1989: clima eleitoral

Em 1989, o Brasil voltaria a ter uma eleição para presidente da República, a primeira desde 1960. O motivo principal para a greve convocada para 14 e 15 de março pela CUT e pela CGT, únicas centrais existentes na época (a Força Sindical surgiria em 1991), era outro plano de estabilização – a inflação havia fechado o ano anterior perto de 1.000% –, o Verão, pilotado por Maílson da Nóbrega, o mesmo que hoje dá aulas de como sair da crise, mas a pauta incluía assuntos como reforma agrária e não pagamento da dívida externa.

O movimento atingiu todo o país, em alguns locais com mais intensidade. Os ônibus não circularam em São Paulo, por exemplo. O número de usuários caiu aproximadamente 40% no Metrô. As centrais estimaram a adesão em 70% no país. Entidades patronais, como Fiesp e Febraban, afirmaram que a adesão na capital paulista não passou de 30%. Logo após a greve, a ministra do Trabalho, Dorothea Werneck, afirmou que o governo discutiria com trabalhadores e empresários um novo cálculo de reposição de perdas salariais, mas disse que a medida já havia sido decidida antes de paralisação.

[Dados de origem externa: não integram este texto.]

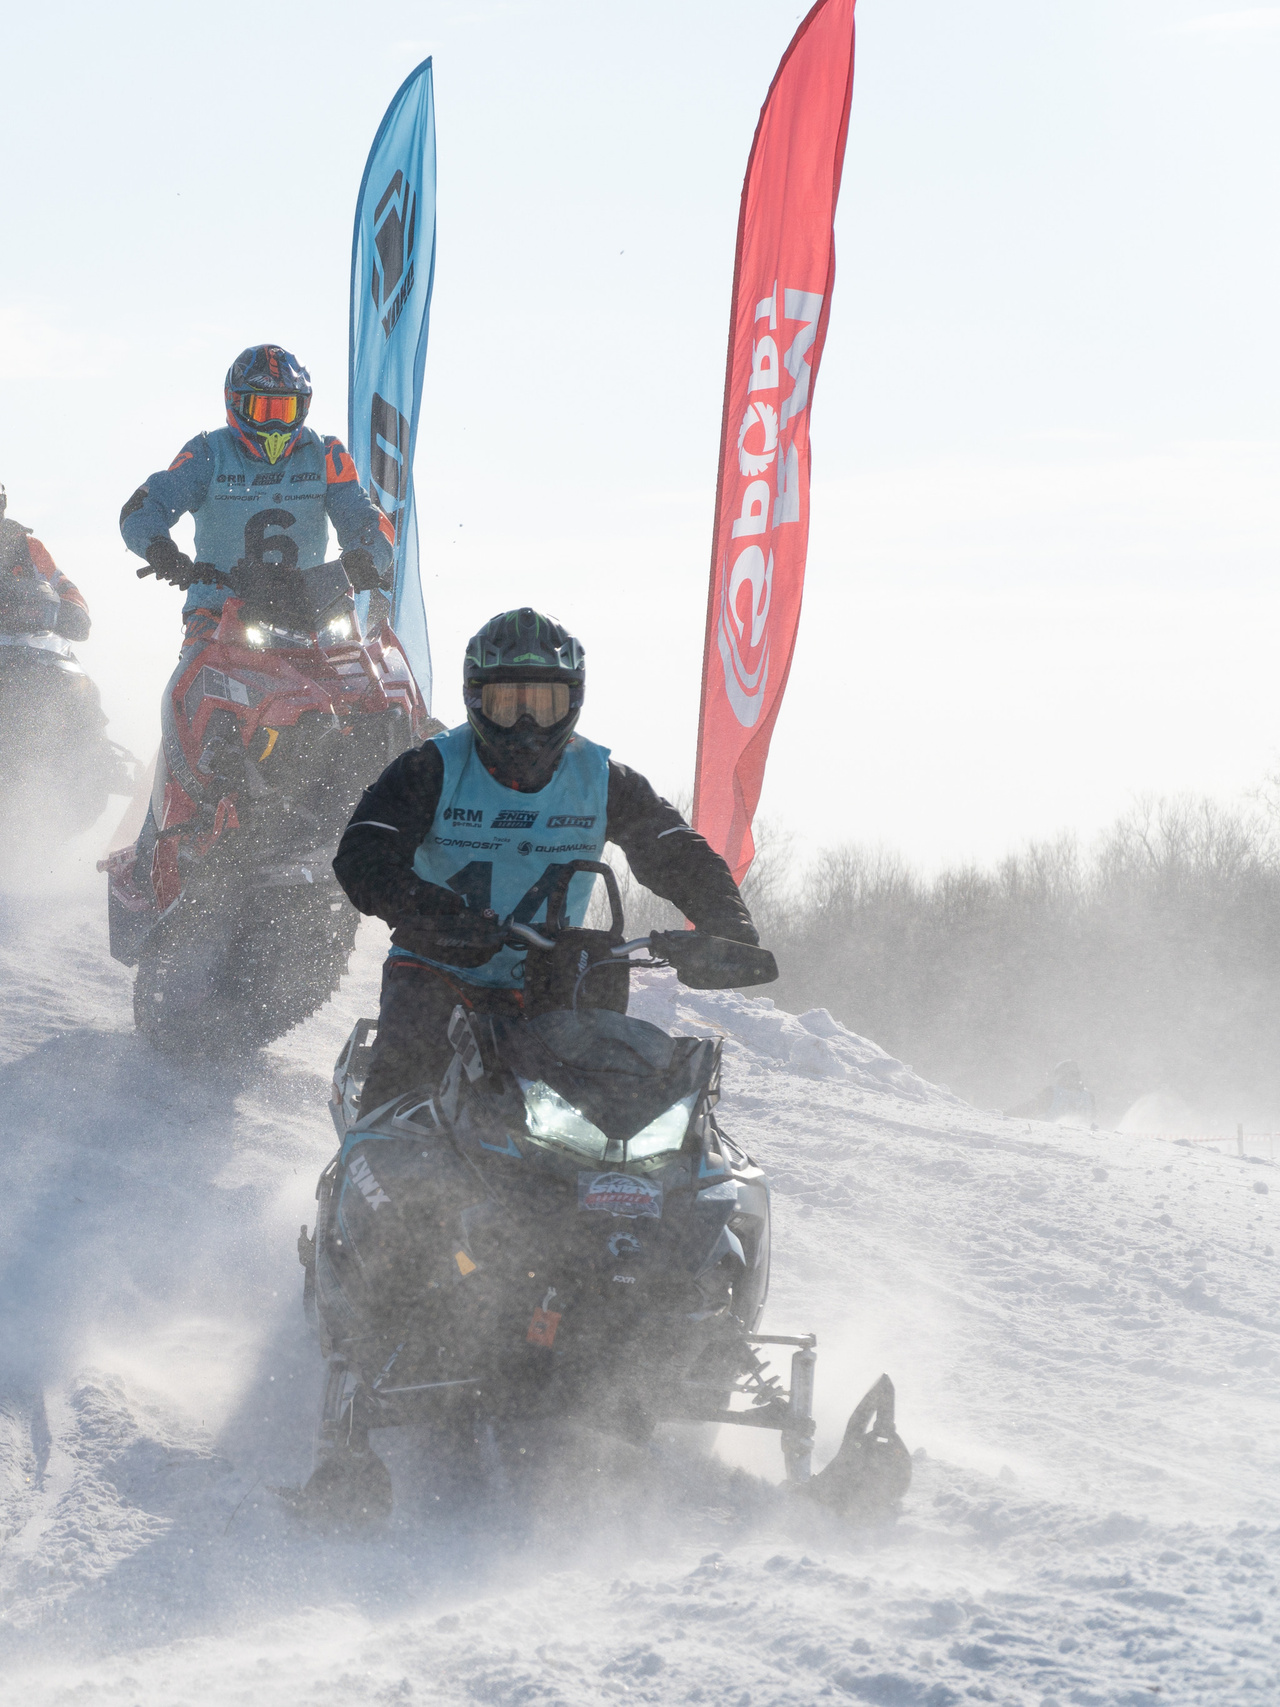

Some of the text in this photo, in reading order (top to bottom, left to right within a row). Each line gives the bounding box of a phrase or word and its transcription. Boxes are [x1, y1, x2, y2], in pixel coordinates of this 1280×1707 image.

[244, 508, 299, 571] 6
[434, 837, 502, 850] COMPOSIT
[445, 861, 570, 926] 14
[349, 1154, 391, 1211] LYNX

A campanha eleitoral ainda não havia começado, mas o tema já agitava o país. O ex-presidente da CUT lembra, por exemplo, de uma divergência pública com o então secretário-geral do PT, José Dirceu, para quem a greve geral poderia prejudicar a candidatura Lula. Possivelmente não teve influência. Lula superou Leonel Brizola e foi ao segundo turno contra Fernando Collor.

2017: contra reformas

"Para mim, greve é sempre resultado do fracasso de um diálogo. Ninguém gosta de fazer greve", analisa Meneguelli, para quem não faltam motivos para protestar atualmente. "Terceirização aprovada ao arrepio do movimento sindical, uma reforma da Previdência sem transparência, sem participação de toda a sociedade…" Ele lembra que, quando deputado, retomou um projeto sobre terceirização, "discutido amplamente" com os vários atores sociais. "Não havia nenhuma regulamentação. Não havia regras, nenhuma proteção."

O projeto chegou a ser aprovado e seguiu para o Senado, mas foi, segundo Meneguelli, desfigurado pelo relator, o ex-governador da Bahia Paulo Souto. Com mudanças, voltou para a Câmara e terminou engavetado.

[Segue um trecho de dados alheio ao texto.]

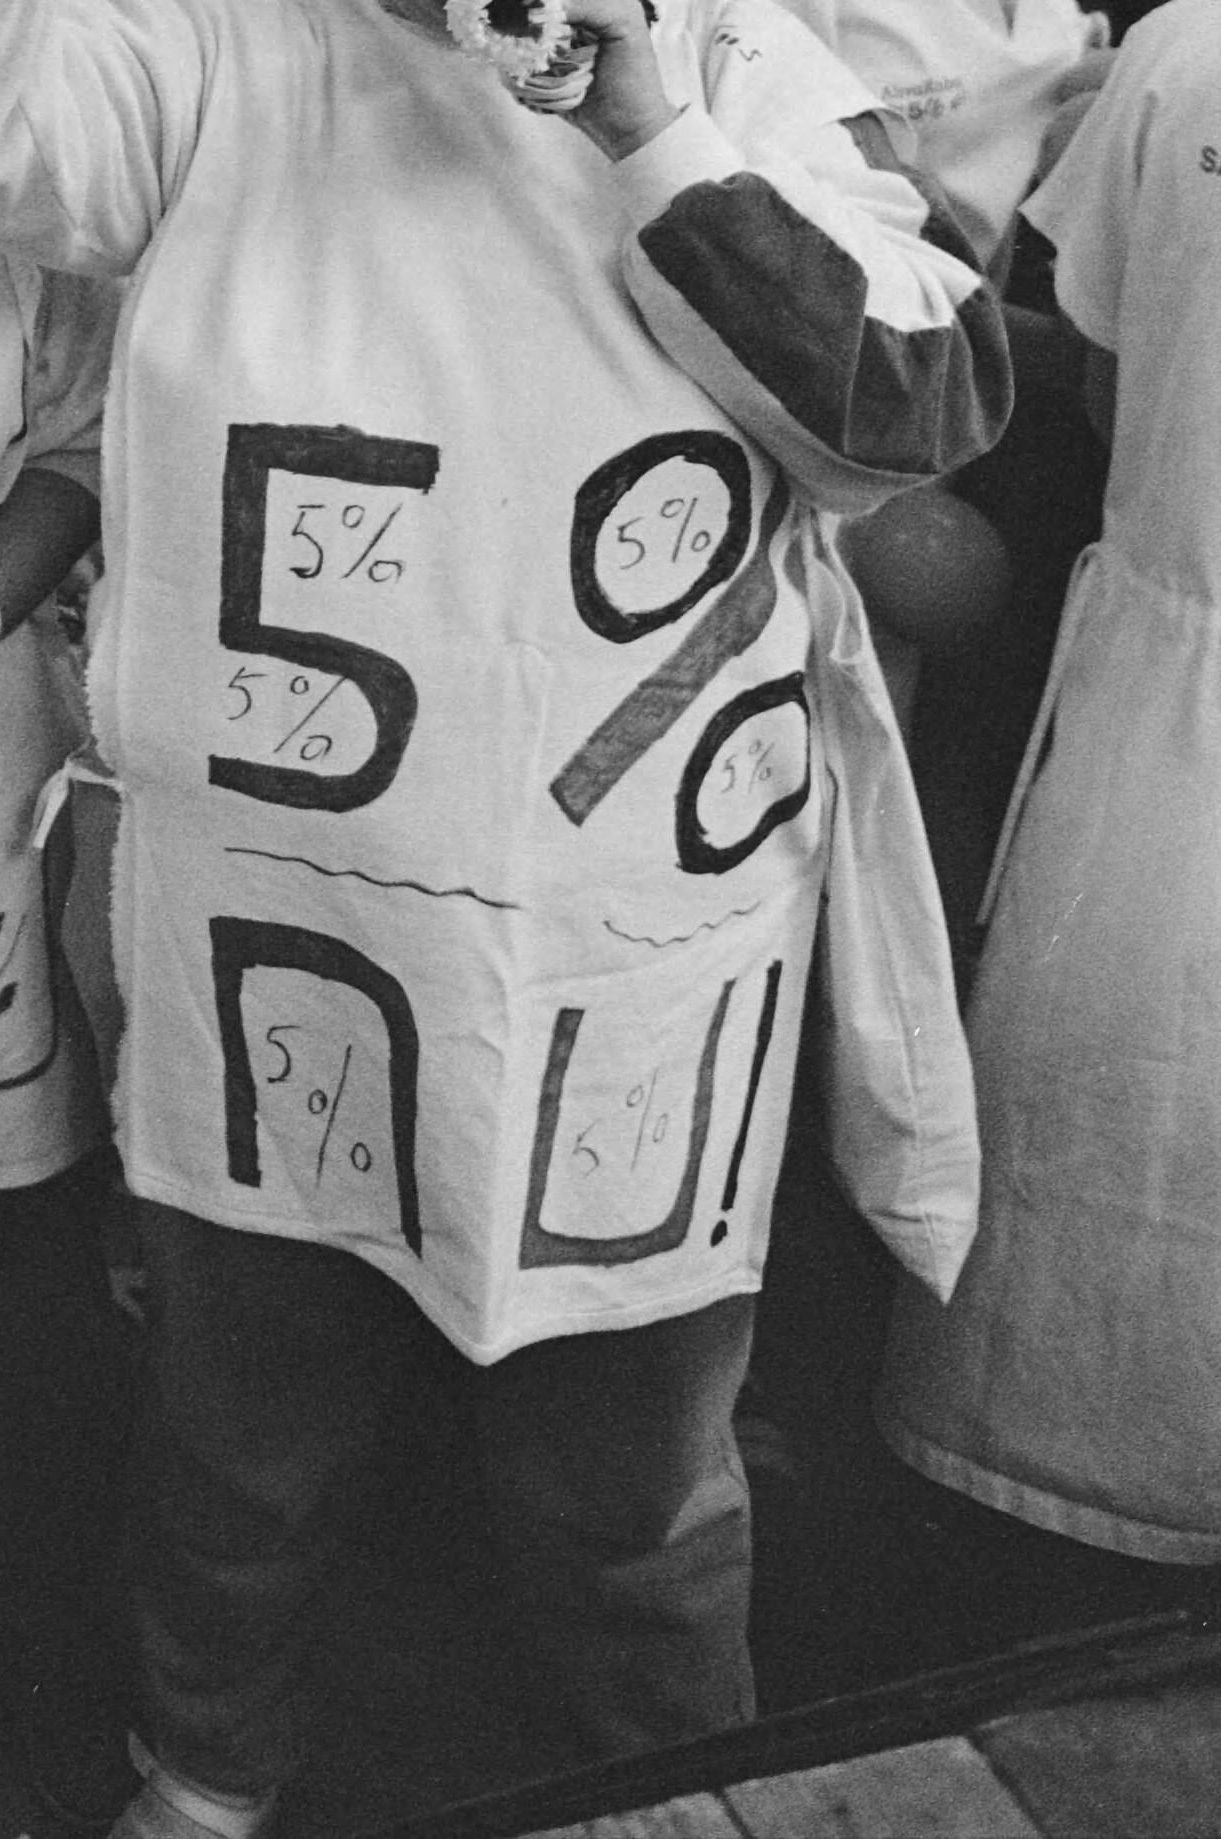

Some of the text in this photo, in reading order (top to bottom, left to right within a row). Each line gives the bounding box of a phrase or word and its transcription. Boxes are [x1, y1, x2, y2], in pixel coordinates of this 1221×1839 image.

[290, 502, 406, 584] 5%
[616, 496, 712, 571] 5%
[225, 668, 352, 763] 5%
[266, 1025, 373, 1189] 5%

O ex-presidente da CUT diz que preferia usar outros termos em vez de "greve geral", difícil de organizar em um país do tamanho do Brasil. "O que era preciso era ter paralisações em todos os estados, e isso a gente conseguia."

Ele recorda ainda das dificuldades de organizar um encontro naquele período (anos 1980), quando não havia celular e nem redes sociais. "Hoje, em uma semana, você convoca 1 milhão de pessoas para uma manifestação. Chamar os sindicatos para o congresso de fundação da CUT (em 1983) era um trabalho de alguns meses." Para ele, o movimento sindical precisa conhecer melhor suas bases, ouvir mais os trabalhadores. "O perfil mudou. Estamos perdendo para as redes sociais."